Tea party victories provide hope for Democrats

The latest primary victories for anti-establishment and Tea Party candidates could give the Democrat

The electoral backlash from US conservatives has intensified, as Tea Party candidates once again confounded commentators by defeating mainstream Republican candidates in the latest round of congressional primaries.

Undoubtedly the biggest upset of the night came from the traditionally-Democrat state of Delaware, where Sarah Palin-endorsed Tea Party candidate Christine O'Donnell defeated long-serving Congressman and former governor Mike Castle to be the Republican candidate for Vice President Joe Biden's former Senate seat.

O'Donnell, who is pro-gun, anti-abortion, fiscally conservative and believes masturbation is a sin, defeated Castle with 53 per cent of the vote. Given that just a week ago O'Donnell was engaged in bitter in-fighting with some of Delaware's elected Republican officials and had been termed "unelectable" by some fellow Republicans, her victory in last night's primary is not only a blow to the GOP, which committed significant resources to the fight in Delaware in an attempt to prevent a repeat of the upset in Alaska, but also adds yet another dimension of unpredictability to the final outcome of November's midterm elections.

The majority of states have now held their primaries. Eight mainstream Republican candidates have been defeated by Tea Party or otherwise right-wing challengers, a number which could rise to nine pending the outcome of the recount in New Hampshire.

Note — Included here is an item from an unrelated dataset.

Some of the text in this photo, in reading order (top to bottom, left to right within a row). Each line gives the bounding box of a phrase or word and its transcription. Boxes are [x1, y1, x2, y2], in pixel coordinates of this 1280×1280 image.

The consensus, especially from the left-leaning commentariat, seems to be that while these primary victories for anti-incumbent candidates demonstrate the power and reach of this new right-wing movement, it is very unlikely that any of these challengers will be victorious in the midterms themselves.

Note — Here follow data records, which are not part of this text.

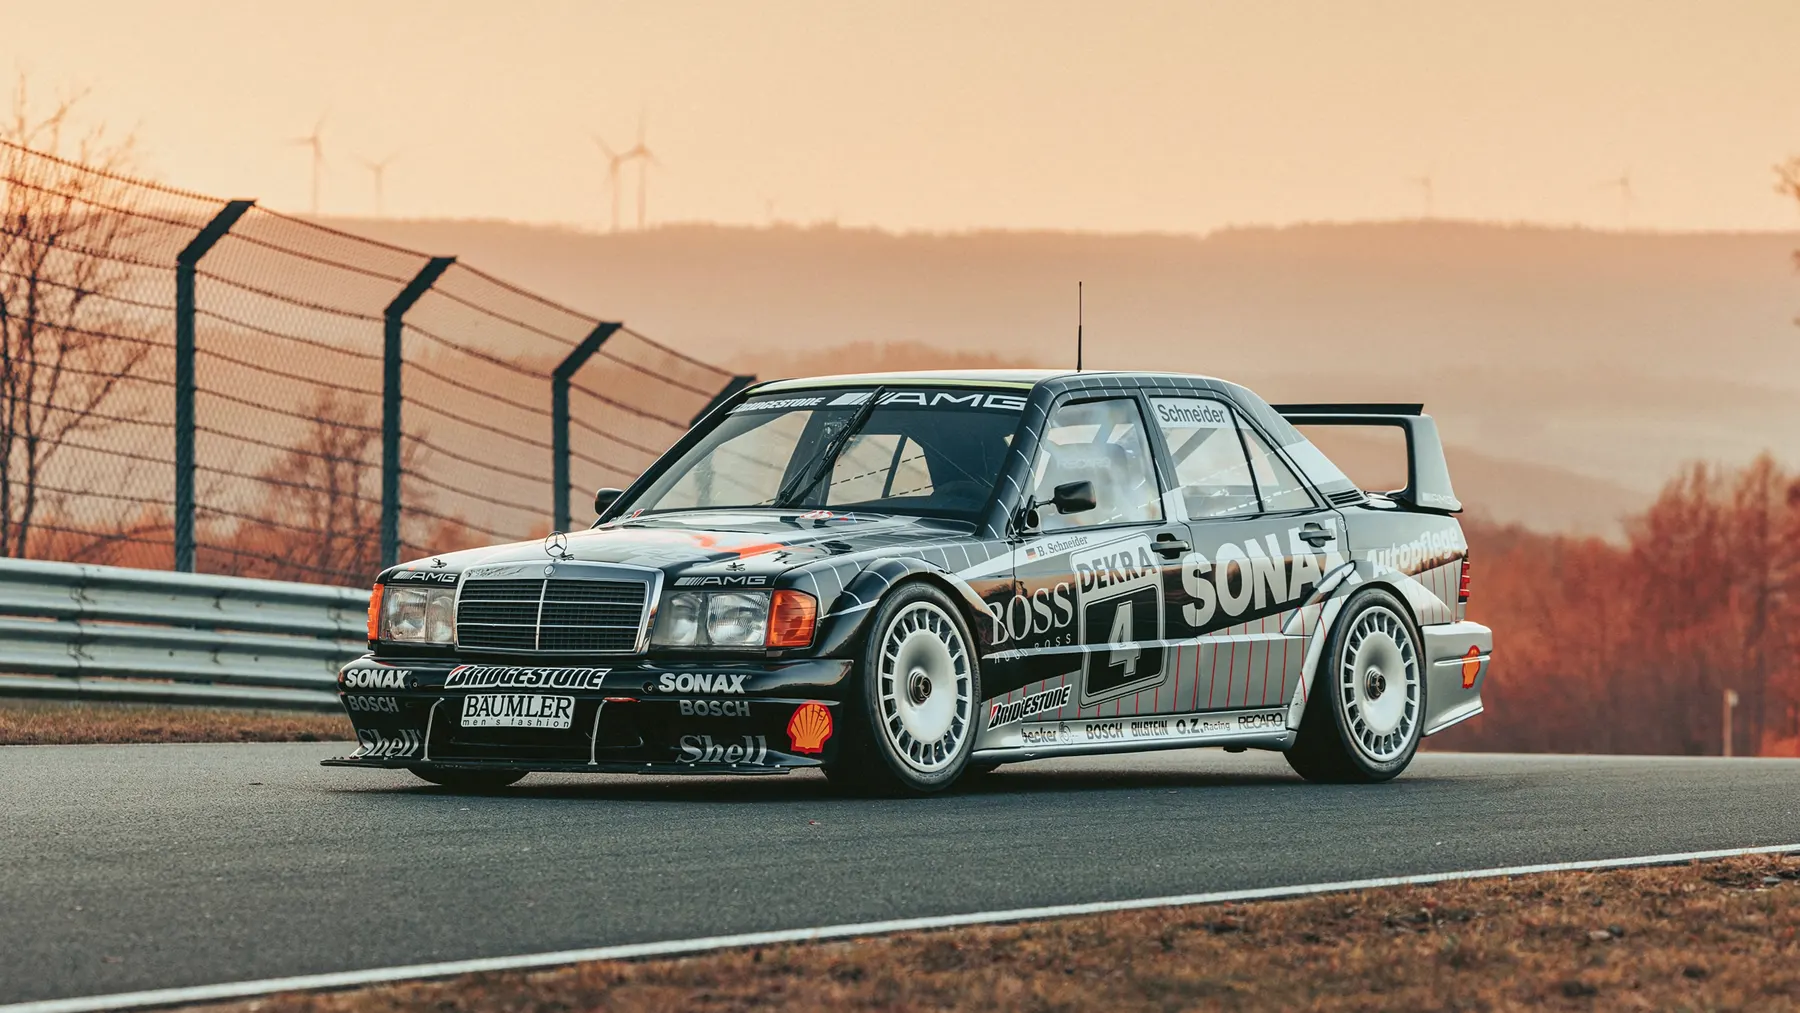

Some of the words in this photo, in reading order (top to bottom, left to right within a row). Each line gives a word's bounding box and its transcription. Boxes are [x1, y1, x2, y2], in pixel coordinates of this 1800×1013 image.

[880, 392, 1028, 411] AMG
[1157, 403, 1226, 424] Schneider
[1037, 546, 1047, 557] B.
[1048, 535, 1089, 553] Schneider
[408, 571, 458, 583] AMG
[1076, 546, 1158, 594] DEKRA
[1182, 517, 1362, 627] SONAX
[700, 575, 767, 586] AMG
[988, 582, 1074, 646] BOSS
[1108, 600, 1142, 678] 4
[345, 669, 409, 689] SONAX
[444, 665, 612, 689] BRIDGESTONE
[658, 673, 746, 694] SONAX
[347, 695, 399, 713] BOSCH
[463, 694, 571, 720] BÄUMLER
[680, 700, 750, 717] BOSCH
[510, 717, 570, 728] fashion
[1085, 722, 1124, 740] BOSCH
[1130, 719, 1169, 737] BILSTEIN
[1203, 720, 1230, 731] Racing
[1238, 712, 1283, 730] RECARO
[349, 728, 420, 758] Shell
[1021, 727, 1057, 744] becker
[675, 735, 767, 765] Shell

In an election season that had otherwise long been considered to be potentially disastrous for the Democrats, with the possibility that the Republicans could regain control of both the House and the Senate, these ultra-conservative candidates represent an opportunity to claw back some momentum in advance of polling day. For instance, Delaware, previously considered to be a serious prospect for the Republicans, is now much more likely to be a hold for the Democrats, especially if their candidate, Chris Coons, is able to capitalise on Christine O'Donnell's unpopularity with a significant faction of Delaware Republicans.

Just as a footnote, it's worth noting that the electoral fortunes of some of these insurgent candidates could have a knock-on effect for Sarah Palin's presidential hopes. Palin notably endorsed Kelly Ayotte in New Hampshire and Carly Fiorina in California, as well as O'Donnell in Delaware. As she is apparently already moving into position for a 2012 campaign, embarrassing defeats for candidates Palin has personally endorsed and campaigned for could dent her appeal to Republicans beyond the confines of the Tea Party movement.

Caroline Crampton is assistant editor of the New Statesman. She writes a weekly podcast column.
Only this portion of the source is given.